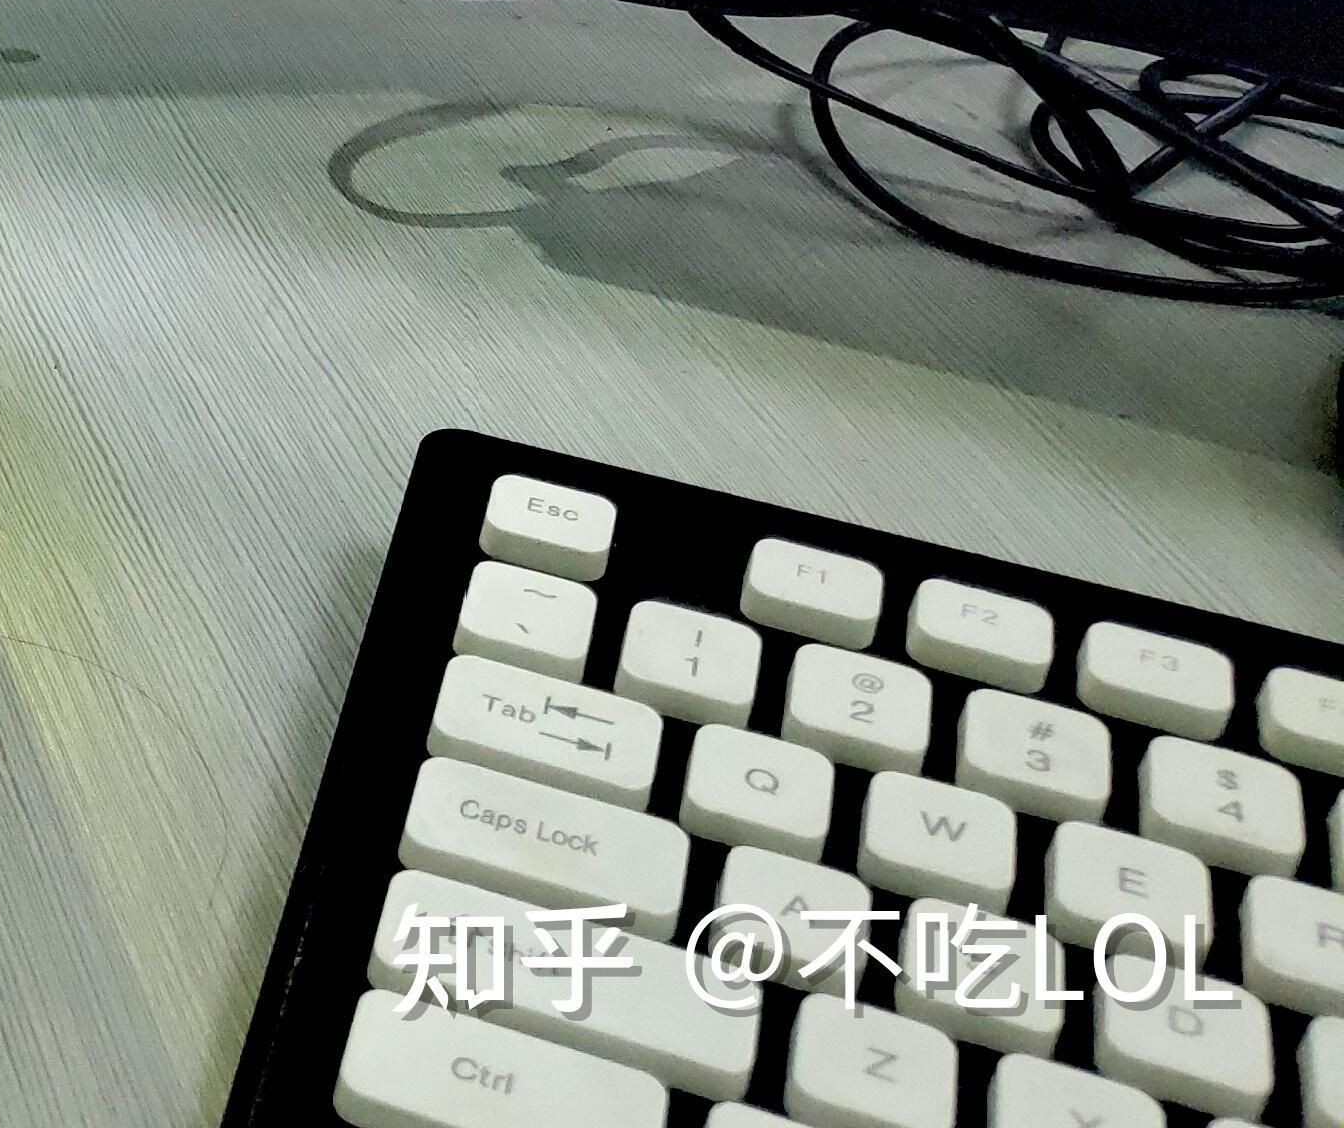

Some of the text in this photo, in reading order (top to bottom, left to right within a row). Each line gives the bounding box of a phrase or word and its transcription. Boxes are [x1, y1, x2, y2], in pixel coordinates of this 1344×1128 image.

[527, 497, 580, 522] Esc
[796, 564, 826, 585] F1
[960, 603, 1000, 626] F2
[684, 656, 699, 677] 1
[1139, 648, 1179, 672] F3
[483, 694, 537, 723] Tab
[849, 700, 875, 724] 2
[1025, 749, 1051, 772] 3
[744, 768, 780, 796] Q
[1216, 800, 1244, 823] 4
[460, 798, 600, 856] Caps Lock
[921, 810, 967, 843] W
[1118, 867, 1150, 900] E
[1168, 1004, 1204, 1036] D
[450, 1056, 515, 1095] Ctrl
[864, 1046, 898, 1083] Z
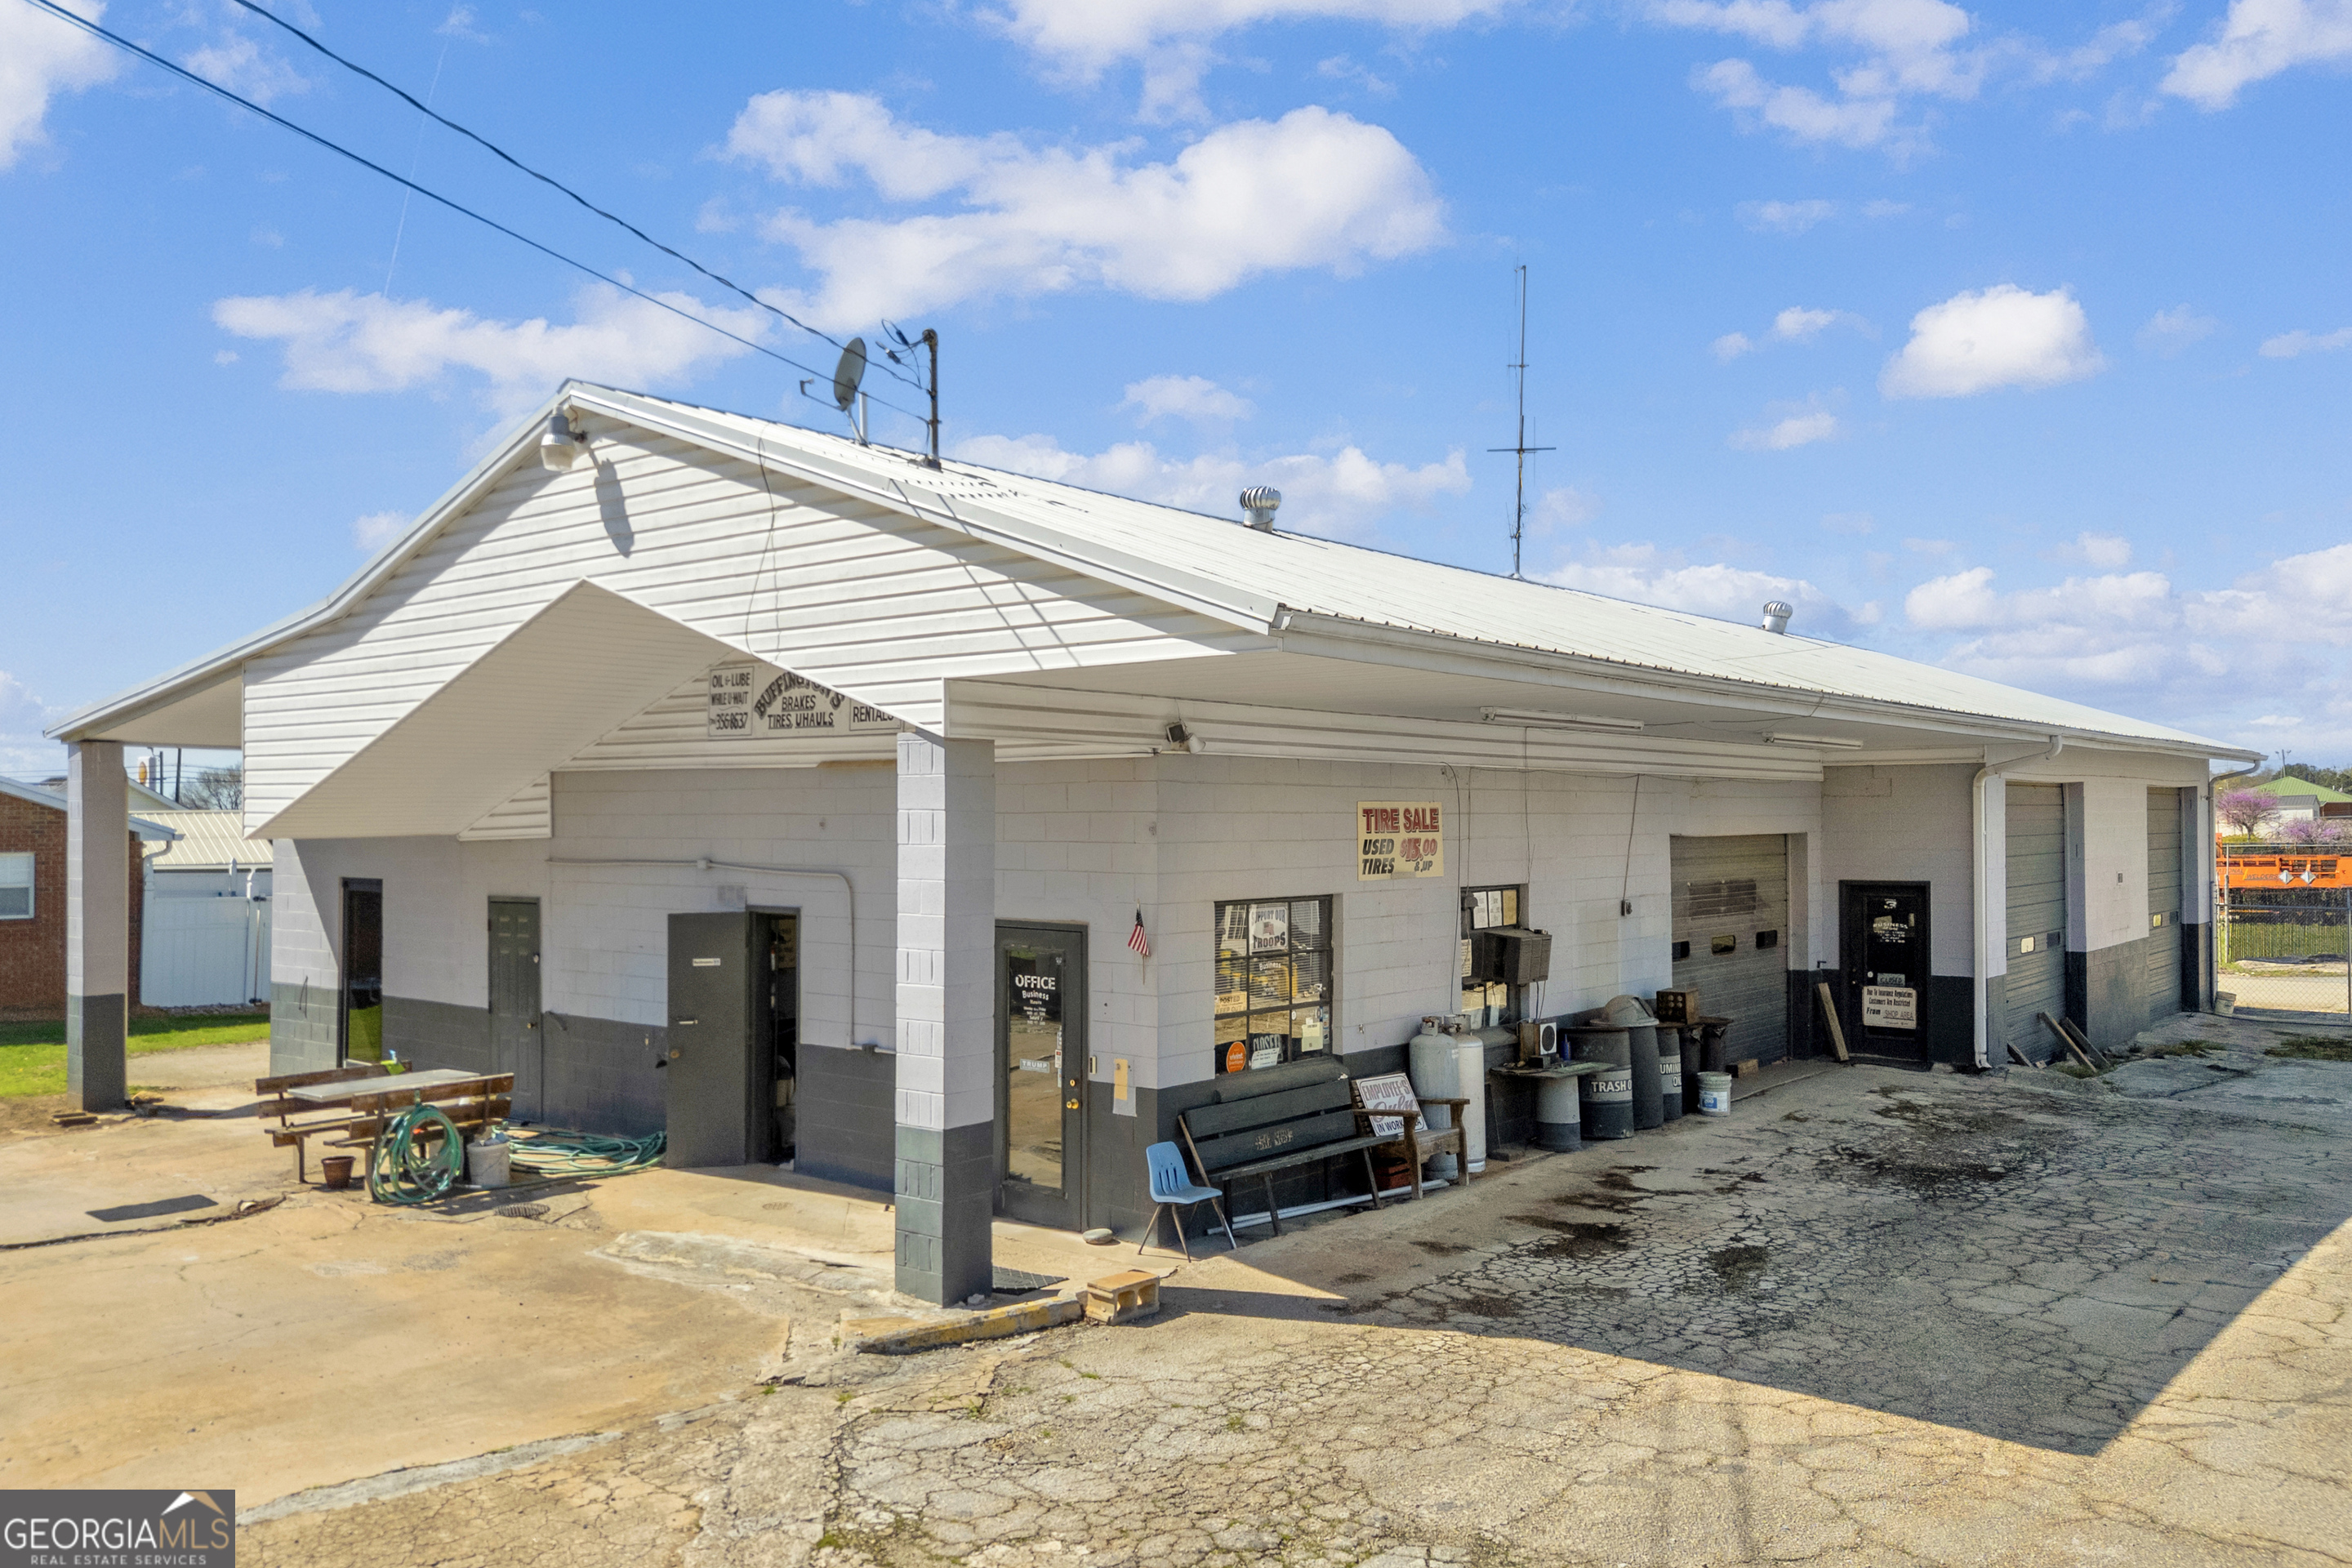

......

Required work:
Every line above should be printed again word for word, without its pictures.

Exercise answer:
Some of the text in this photo, in reading order (top to bottom, left to right within a row). Each line gives the bounding box of a phrase or word and its transcription. Boxes are [x1, y1, x2, y2], in pixel coordinates of this 1344×1128 image.

[527, 497, 580, 522] Esc
[796, 564, 826, 585] F1
[960, 603, 1000, 626] F2
[684, 656, 699, 677] 1
[1139, 648, 1179, 672] F3
[483, 694, 537, 723] Tab
[849, 700, 875, 724] 2
[1025, 749, 1051, 772] 3
[744, 768, 780, 796] Q
[1216, 800, 1244, 823] 4
[460, 798, 600, 856] Caps Lock
[921, 810, 967, 843] W
[1118, 867, 1150, 900] E
[1168, 1004, 1204, 1036] D
[450, 1056, 515, 1095] Ctrl
[864, 1046, 898, 1083] Z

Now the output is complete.